Recently, the IT major also announced the adoption of NVIDIA’s AI technology into its proprietary Neuro AI platform.
Amid the growing demand for digital transformation, Cognizant has begun gearing up with serious dry powder (cash reserves) to grow and expand its capabilities in areas such as engineering research & development (ER&D), cloud, and AI. Ravi Kumar is betting on the physical manifestation of AI adoption, be it autonomous technologies or robotics.
“We are building an industry engineering tower around manufacturing, automotive, industrial, aerospace, and that is a muscle I’m determined to build,” he says.
In 2024, Cognizant made a bold bet: it acquired Cincinnati-based digital engineering firm Belcan, LLC for nearly $1.3 billion in cash and stock to enhance its core engineering offering. “They do a lot of work for Tier I aircraft manufacturers and aircraft engine manufacturers. We think there’ll be a significant play for data,” he says.
Over the past three years, Cognizant bought a bunch of firms, including Colorado-based Thirdera — a ServiceNow partner that specialises in advisory, implementation, and optimisation solutions. Last year, it acquired 3Cloud, a gold-certified Microsoft Azure technology consulting firm that provides cloud strategy, design, implementation, and managed services to clients across banking and financial services, healthcare, technology, and consumer sectors.

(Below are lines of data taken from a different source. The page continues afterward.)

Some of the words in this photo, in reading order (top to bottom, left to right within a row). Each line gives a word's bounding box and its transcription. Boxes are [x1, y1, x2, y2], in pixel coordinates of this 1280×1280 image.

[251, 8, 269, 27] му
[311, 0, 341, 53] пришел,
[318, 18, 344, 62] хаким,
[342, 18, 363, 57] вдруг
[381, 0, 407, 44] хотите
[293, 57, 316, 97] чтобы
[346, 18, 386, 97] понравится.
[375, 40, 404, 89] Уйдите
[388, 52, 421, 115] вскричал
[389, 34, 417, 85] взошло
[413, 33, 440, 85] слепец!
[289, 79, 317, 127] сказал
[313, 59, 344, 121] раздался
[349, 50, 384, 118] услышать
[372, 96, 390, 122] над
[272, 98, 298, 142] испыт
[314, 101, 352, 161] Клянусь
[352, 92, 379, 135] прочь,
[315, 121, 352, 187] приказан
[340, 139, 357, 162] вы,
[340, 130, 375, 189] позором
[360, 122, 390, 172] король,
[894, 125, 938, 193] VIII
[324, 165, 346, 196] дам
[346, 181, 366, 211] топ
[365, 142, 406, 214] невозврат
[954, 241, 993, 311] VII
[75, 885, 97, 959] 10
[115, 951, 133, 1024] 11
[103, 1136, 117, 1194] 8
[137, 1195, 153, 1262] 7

The AI advancements notwithstanding, Cognizant continues to place people as the core drivers of tech transformation. In 2023, it launched the Synapse programme to build a high-quality, skilled workforce proficient in emerging technologies. The plan is to train two million people globally by 2030.
According to the company’s latest data, in 2025, it had nearly 260,000 employees skilled in GenAI. It rolled out 35,000 promotions this year and more than 110,000 in the past three years. Its latest headcount stood at 351,600 with more than two-thirds based in India.

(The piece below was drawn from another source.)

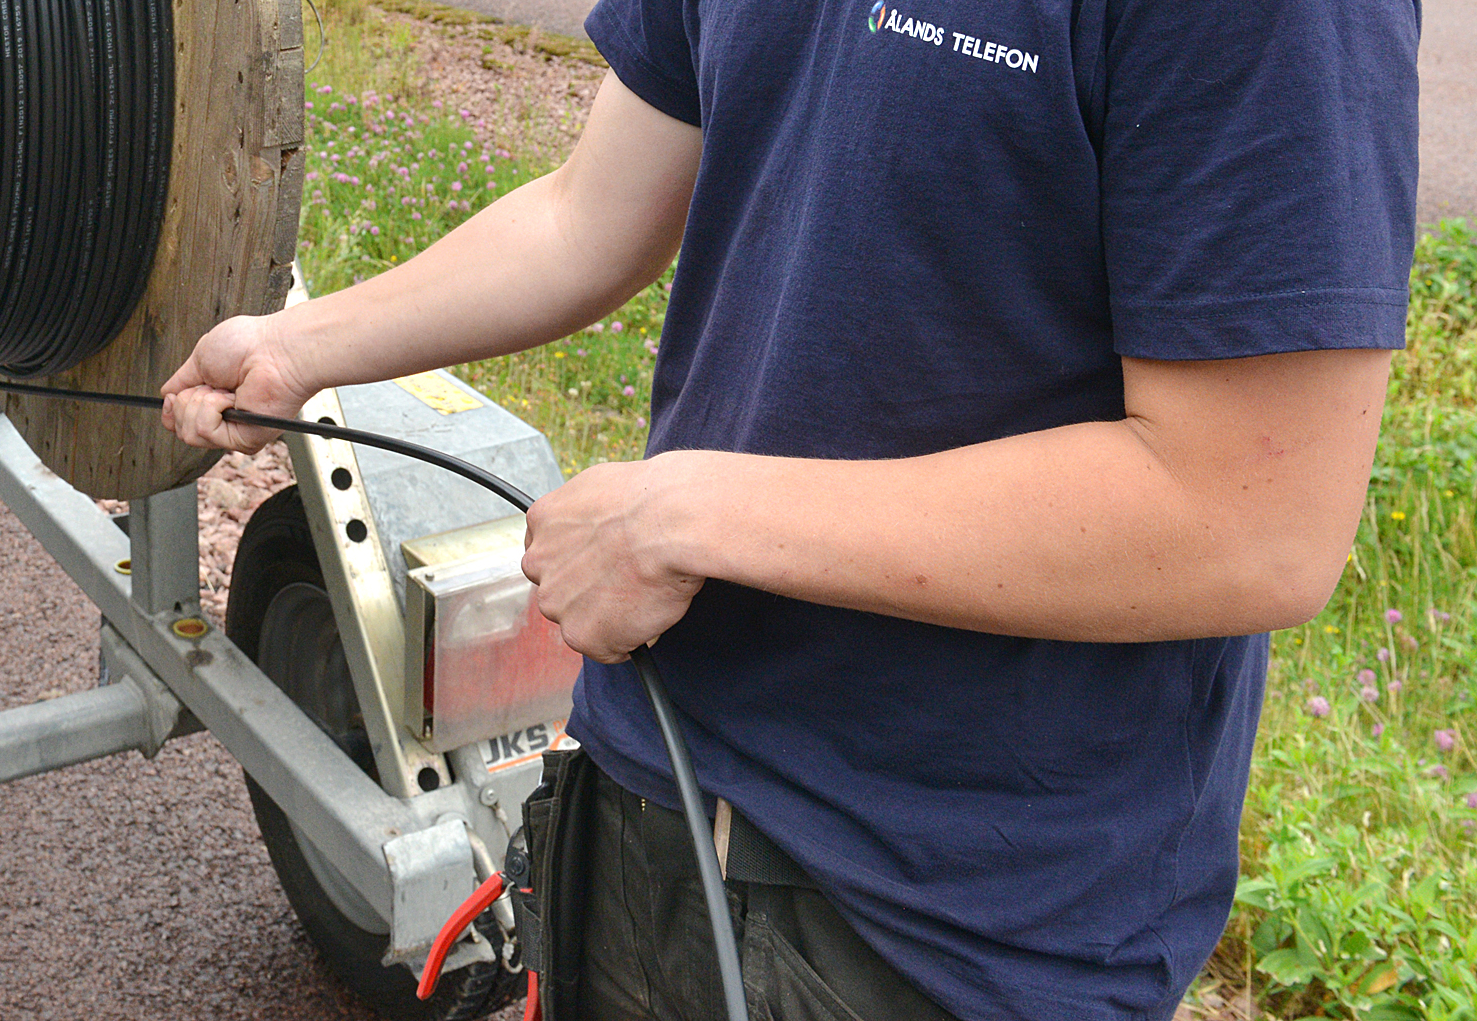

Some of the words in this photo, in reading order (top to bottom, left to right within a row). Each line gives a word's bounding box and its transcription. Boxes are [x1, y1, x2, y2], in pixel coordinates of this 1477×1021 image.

[884, 8, 944, 46] ÅLANDS
[952, 31, 1039, 73] TELEFON
[486, 723, 549, 765] JKS

So, what is Ravi Kumar’s thesis for the AI world when it comes to skilling? The future of skills will be more interdisciplinary than deep expertise. “If you’re a biologist, you could do better drug discovery if you’ve skills around AI technologies. If you’re a historian, you have a better shot at the future; you could be a futurist if you actually embed tooling into the work you do. If you are a finance manager, how you do accounts, how you close your books are going to be very different in the future using AI technologies.”
It’s safe to say, Cognizant is back in the game with Ravi Kumar at the helm. Attrition is within the industry range. The CEO attributes this revival to a combination of factors — good teamwork, embracing changes, identifying and spotting opportunities, and investing in them. And most importantly, taking bold bets.
“You know, if 2025 was a breakout year for us, 2026 is going to be a year of bold bets”, says a visibly excited Ravi Kumar. This year, the focus will be on solving the AI velocity gap, or the gap between massive infrastructure spending of the past few years and business value realisation for clients. He believes that the methodologies and tools to harness AI is only emerging, and the value to enterprises hasn’t drifted yet.
Is a possible India listing on the cards? After all, the management did touch upon the topic in the last earnings call. The CEO thinks it is an endeavour to tap into the investor base where tech services are a mainstream industry. “We don’t know where it (the public listing) will go, but we will at least attempt to see whether it is possible,” he clarifies. Market watchers may agree; brokerages like Nomura maintain a buy on the stock — Cognizant is one of the top IT picks. Recently, William Blair’s research division upgraded Cognizant to ‘outperform’ from ‘market perform’ without a price target after hosting meetings with the management that sees a “new phase of growth and profitability,” driven by an accelerated AI-focussed strategy.
No doubt, Cognizant timed its comeback story well to ride the AI wave under Ravi Kumar’s leadership.